You can use Silent Link to pay by the gigabyte with no expiration date. Most people don't need unlimited—I use a maximum of 5 GB per month, and my average is around 3. At $1.60 per month, that is $60 per YEAR for me.
Swap in https://jmp.chat for another 60 dollars per year for calls/texts and you get a $120/year phone bill which is just $10/month.
I will be moving from US Mobile to Jmp.chat once my plan expires.
You could also use US Mobile for $17/month which is unlimited and is user friendly. They also often have Pixels for a significant discount with no lock-in.
eBay International exists and I've shipped my laptops from the US to Bolivia, Guam, Sweden, and before the war, Russia. You can definitely get a Pixel unless maybe you live in the DRC or the PRK
I bought an 8a new when it launched for the express purpose of installing GOS. It cost like $450, and will last me most of a decade. If you are using a phone that costs significantly less than that (and I am speaking from personal experience! I had an Obamaphone that I got at a foodbank for many years, as well as a number of crappy used Androids!) your phone storage is so limiting that you are struggling to install more than a few apps.
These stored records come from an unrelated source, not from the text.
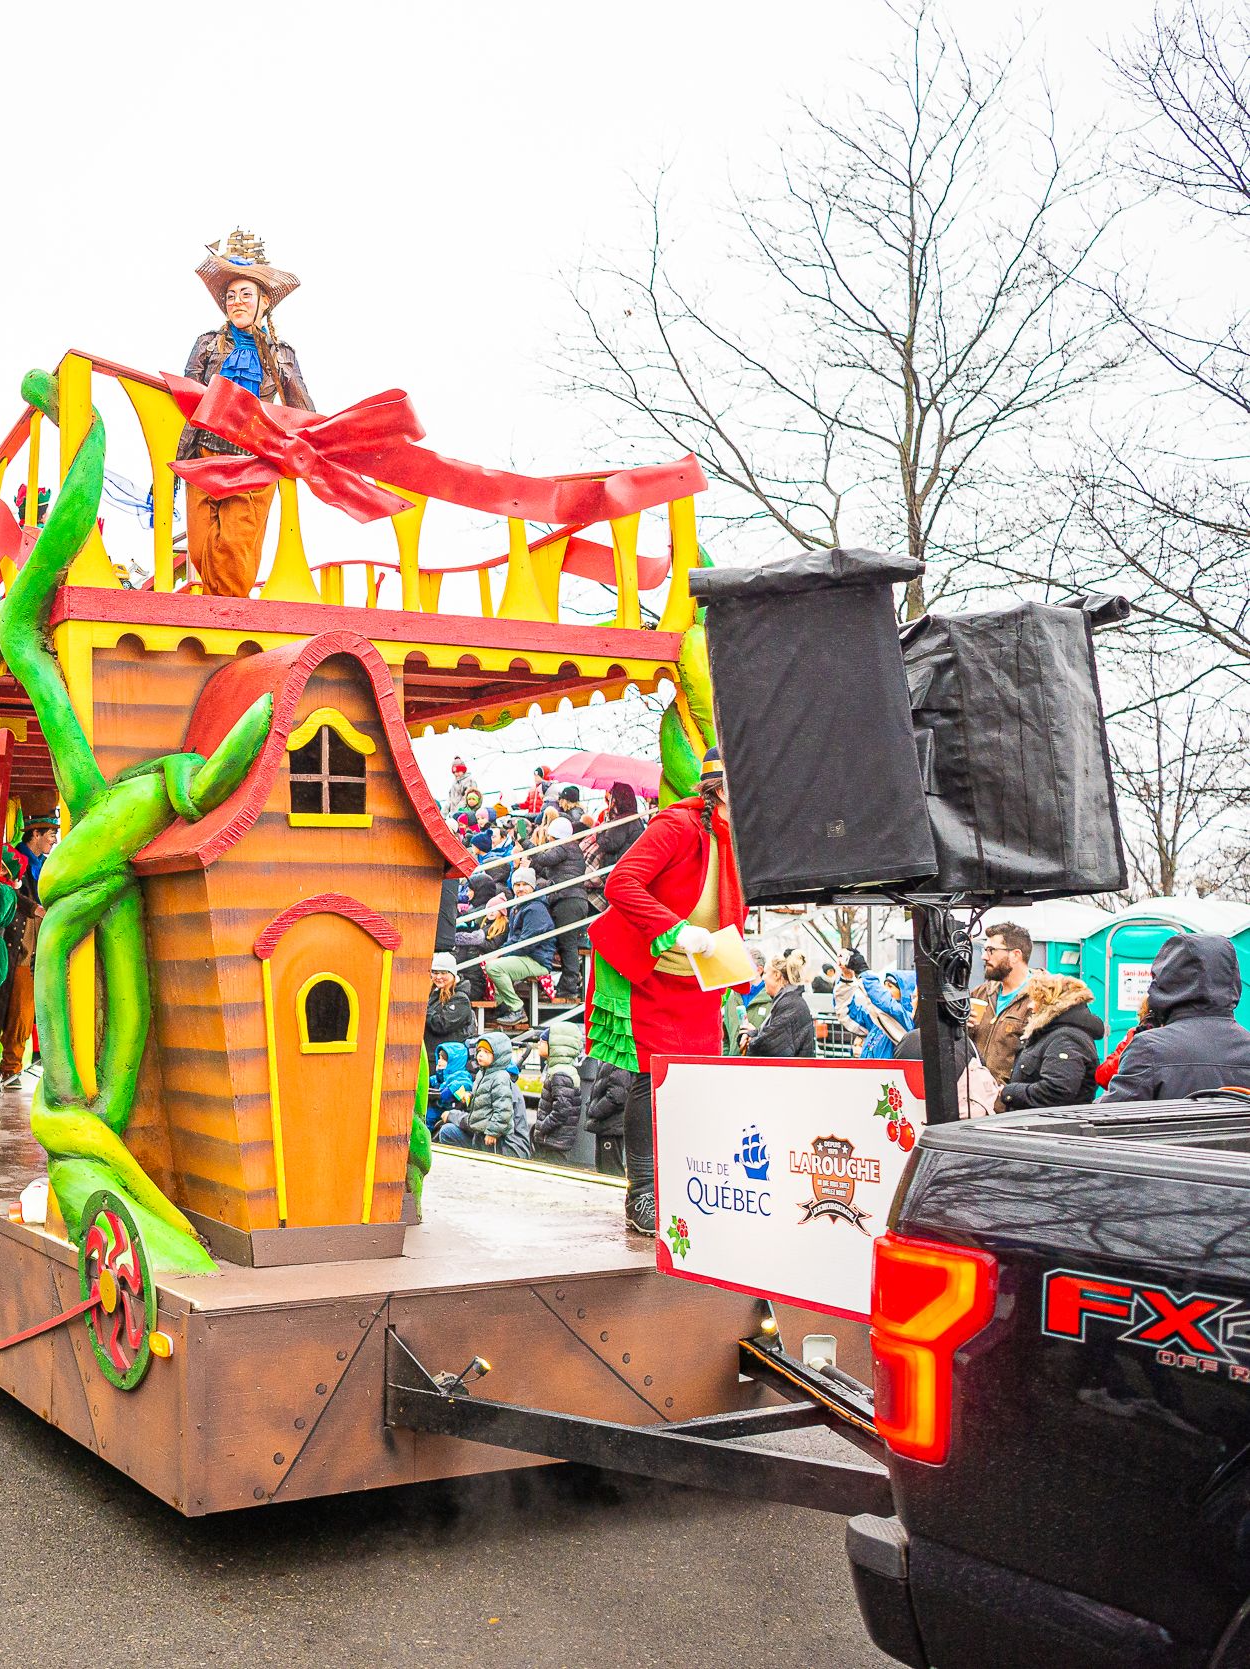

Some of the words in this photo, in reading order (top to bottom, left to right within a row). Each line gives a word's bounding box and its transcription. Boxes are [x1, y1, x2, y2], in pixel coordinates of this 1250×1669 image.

[686, 1156, 712, 1174] VILLE
[717, 1163, 730, 1176] DE
[789, 1150, 881, 1184] LAROUCHE
[687, 1176, 772, 1217] QUÉBEC
[1041, 1267, 1250, 1364] FX
[1156, 1350, 1219, 1373] OFF
> If you are using a phone that costs significantly less than that (and I am speaking from personal experience! I had an Obamaphone that I got at a foodbank for many years, as well as a number of crappy used Androids!) your phone storage is so limiting that you are struggling to install more than a few apps.
The only phone I've ever had trouble installing more than a few apps was one with 512MB of storage. If I go check the second result on amazon for android phone it's a solid motorola option, unlocked for $127 and with 128GB. That's more than enough; even some flagships have 128GB.
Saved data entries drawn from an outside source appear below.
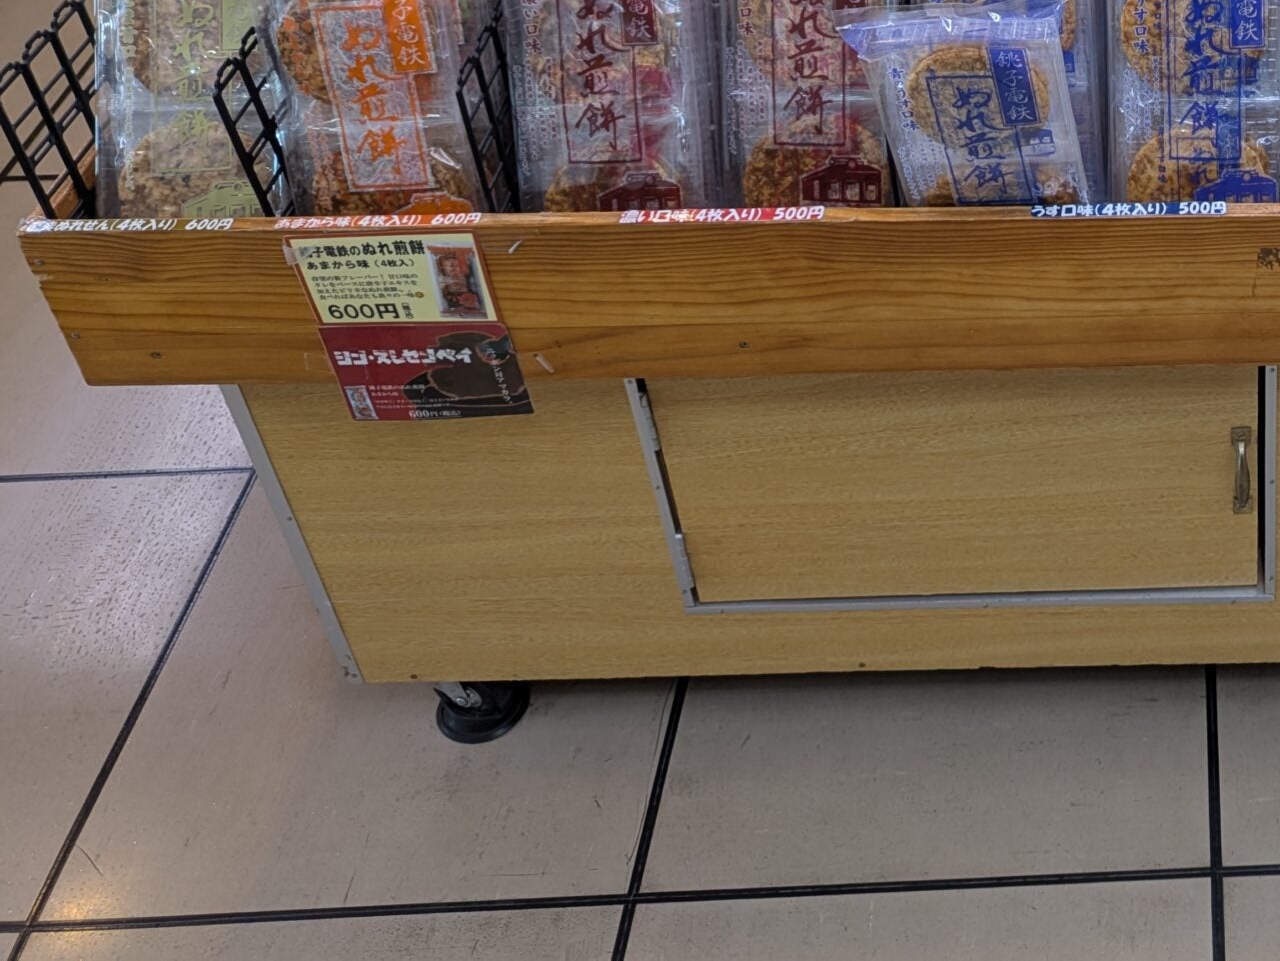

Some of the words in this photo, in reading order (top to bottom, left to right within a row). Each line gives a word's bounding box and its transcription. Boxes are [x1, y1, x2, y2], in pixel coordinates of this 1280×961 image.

[995, 50, 1035, 122] 銚子電鉄
[341, 20, 408, 176] ぬれ煎餅
[887, 67, 920, 132] 青のうす口味
[951, 86, 1018, 196] ぬれ煎餅
[773, 206, 825, 221] 500円
[1031, 203, 1167, 217] うす口味(4枚入り)
[1179, 201, 1227, 215] 500円
[185, 217, 234, 231] 600円
[275, 214, 421, 229] あまから味(4枚入り)
[431, 212, 482, 226] 600円
[327, 303, 400, 319] 600円
The "just over $100" range has multiple options with good storage. Below that is a sea of locked/refurbished phones that are also good options in many cases.
Digging deeper I eventually hit a "BLU" brand phone for $50 with only 16GB, and that leaves you with not very much after the OS takes its space. But then you can add $10 to get another 16GB and have more than enough room for apps.
So you have to go really low to have the problem you're describing.
I'm used to fixed partition sizes. The OS eating into user space sounds pretty ugly. And updates to builtin apps since the last OS update eat space, but only so much.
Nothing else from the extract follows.